In the previous example, we looked at how etcetera abduction relates to standard probabilistic inference methods. Specifically, we looked at examples taken from the Wikipedia page for "Base Rate Fallacy" (link). With these examples, we calculated the probability that a person was infected, given that they tested positive for infection, in both high-incidence and low-incidence populations. As described in the example in the Wikipedia article, a person who receives a positive result on a test in a low-incidence population would only give the 29% confidence that they actually were infected.

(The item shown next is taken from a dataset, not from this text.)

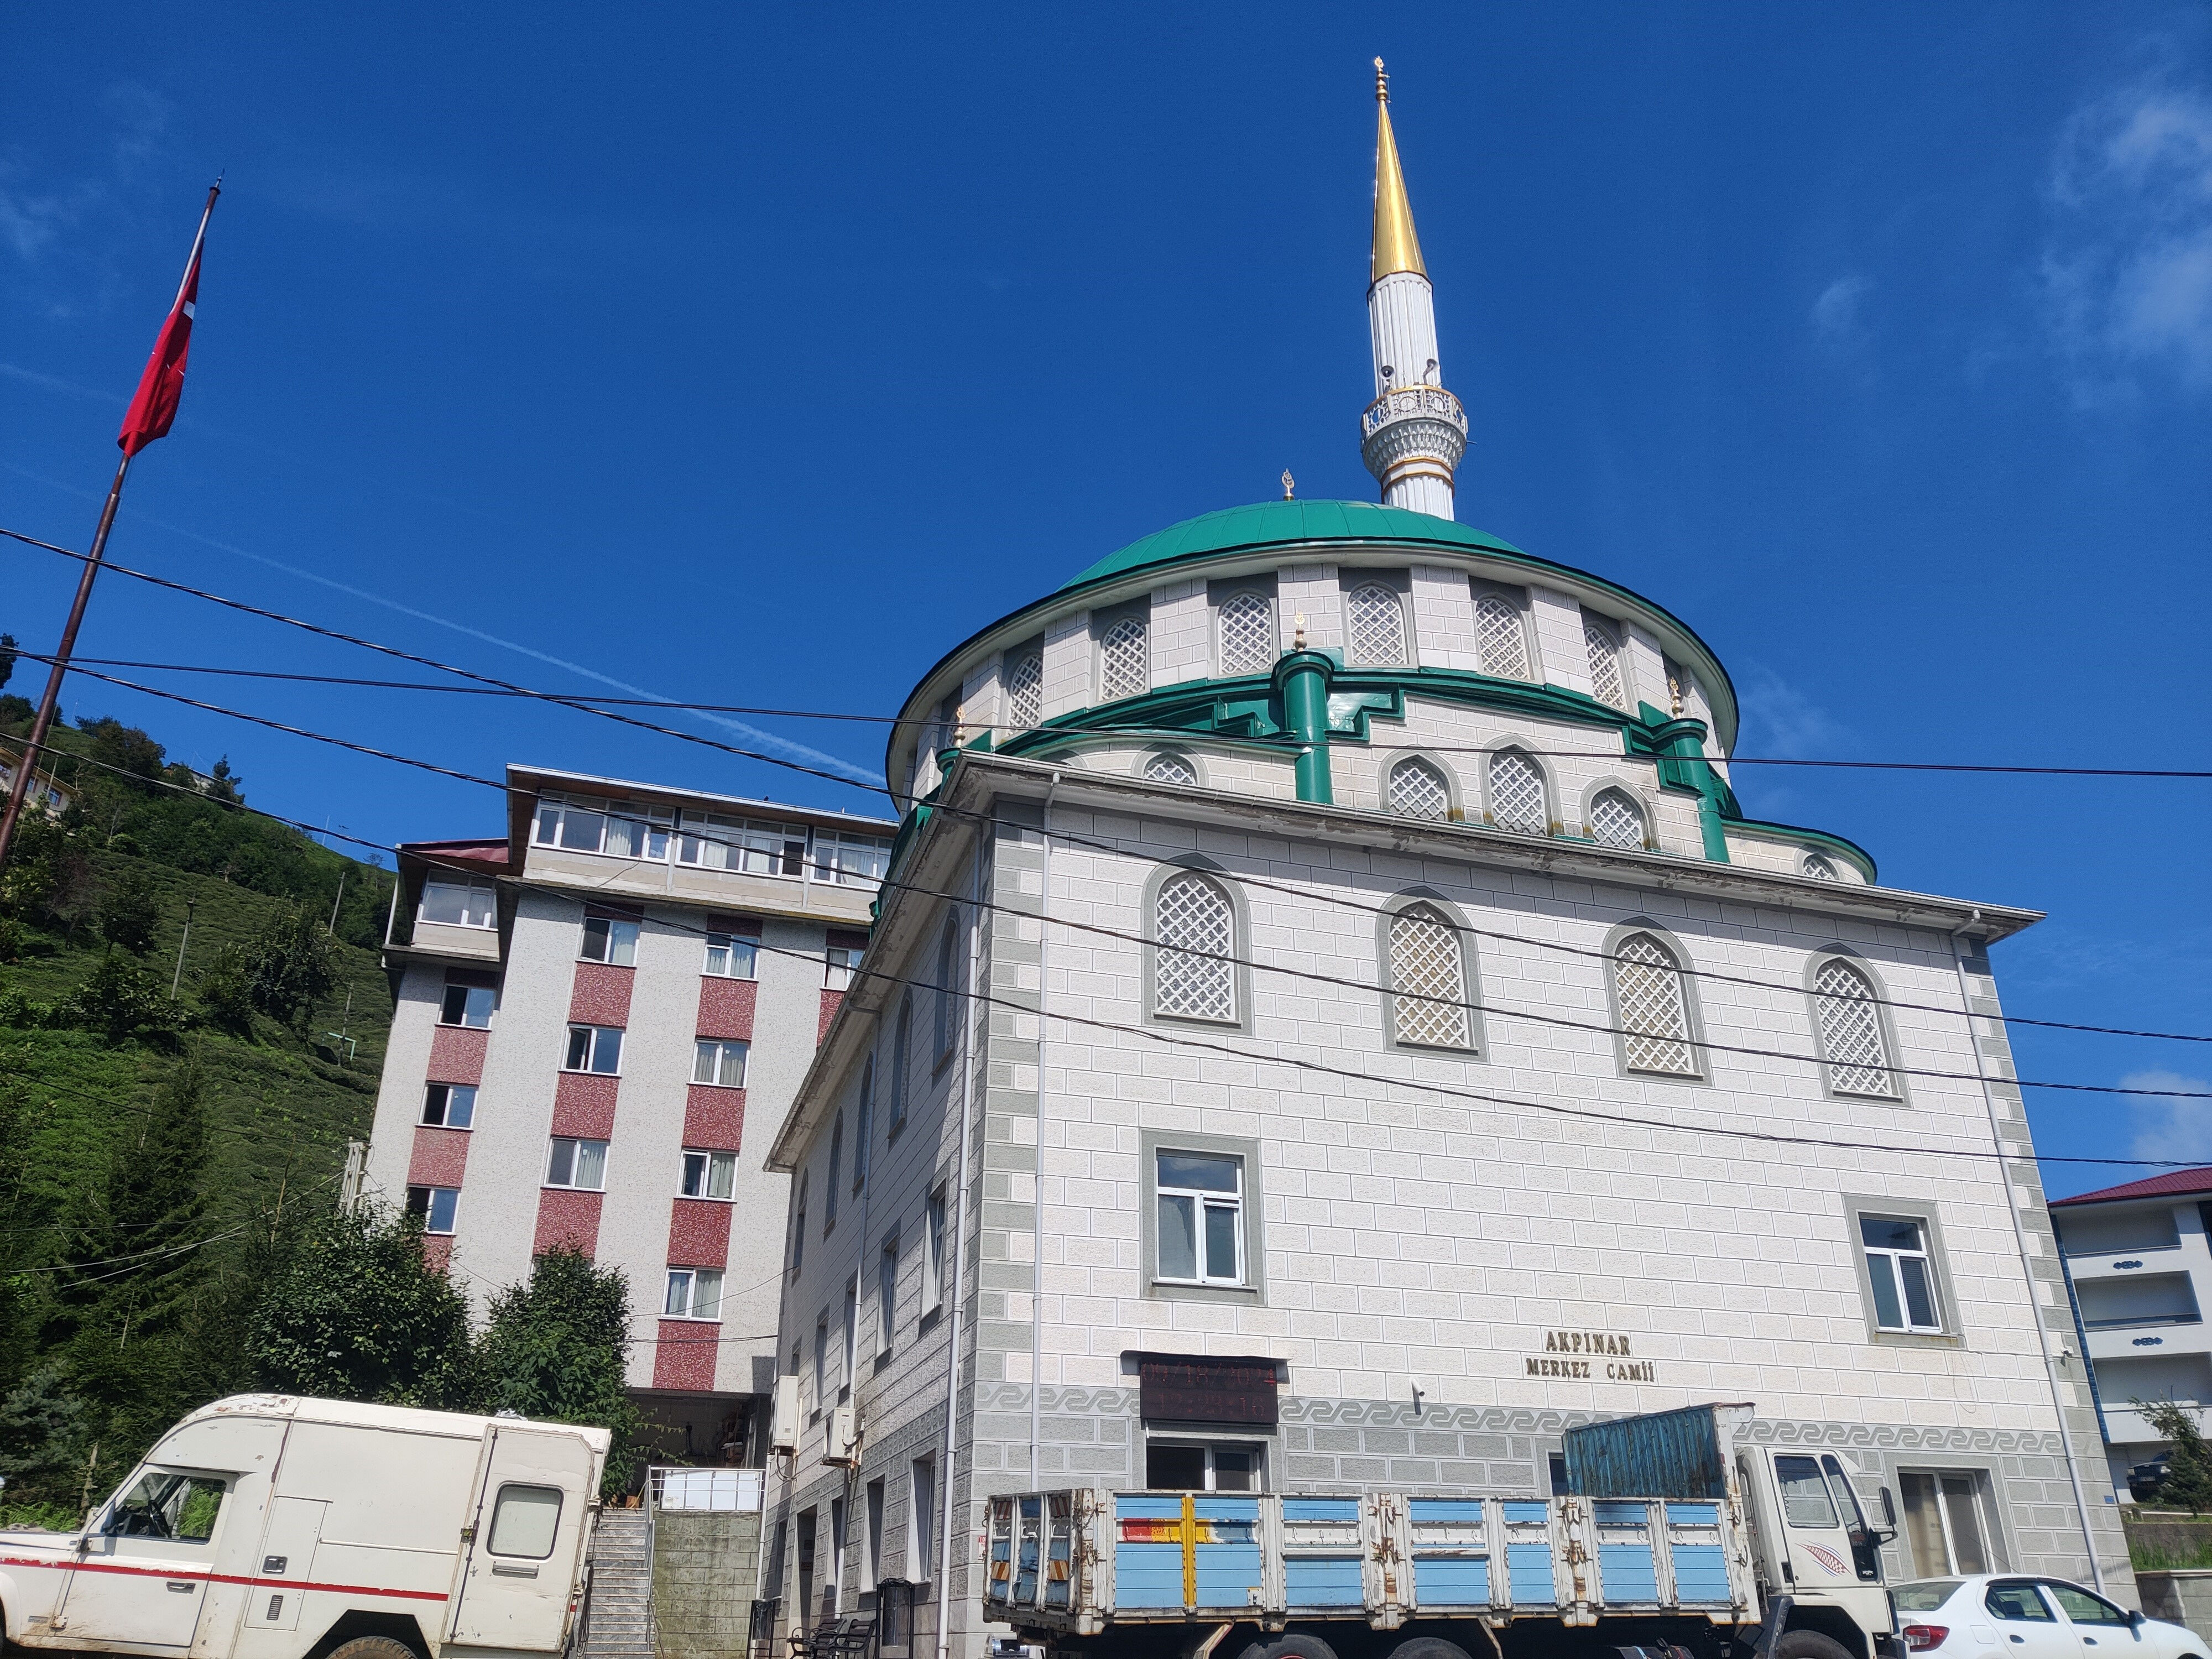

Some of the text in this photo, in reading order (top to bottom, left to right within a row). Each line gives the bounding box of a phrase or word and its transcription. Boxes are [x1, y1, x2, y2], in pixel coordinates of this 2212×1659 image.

[1546, 1331, 1631, 1356] AKPINAR
[1526, 1358, 1654, 1382] MERKEZ CAMİİ

So what should this person do when they receive the positive test result? Should they cancel their vacation to Bora Bora? Postpone their wedding? Isolate from their friends and family? The smart thing to do would be to take another test, preferably a different test with a high specificity (low probability of false positives). More information would help resolve the ambiguity.

Consider the case where this person simply takes the same test over again, and gets the same result: positive, again. With only one test result, the probability of infection was only 29%, but what about now, after two positive results? Let's see what etcetera abduction would do in this case.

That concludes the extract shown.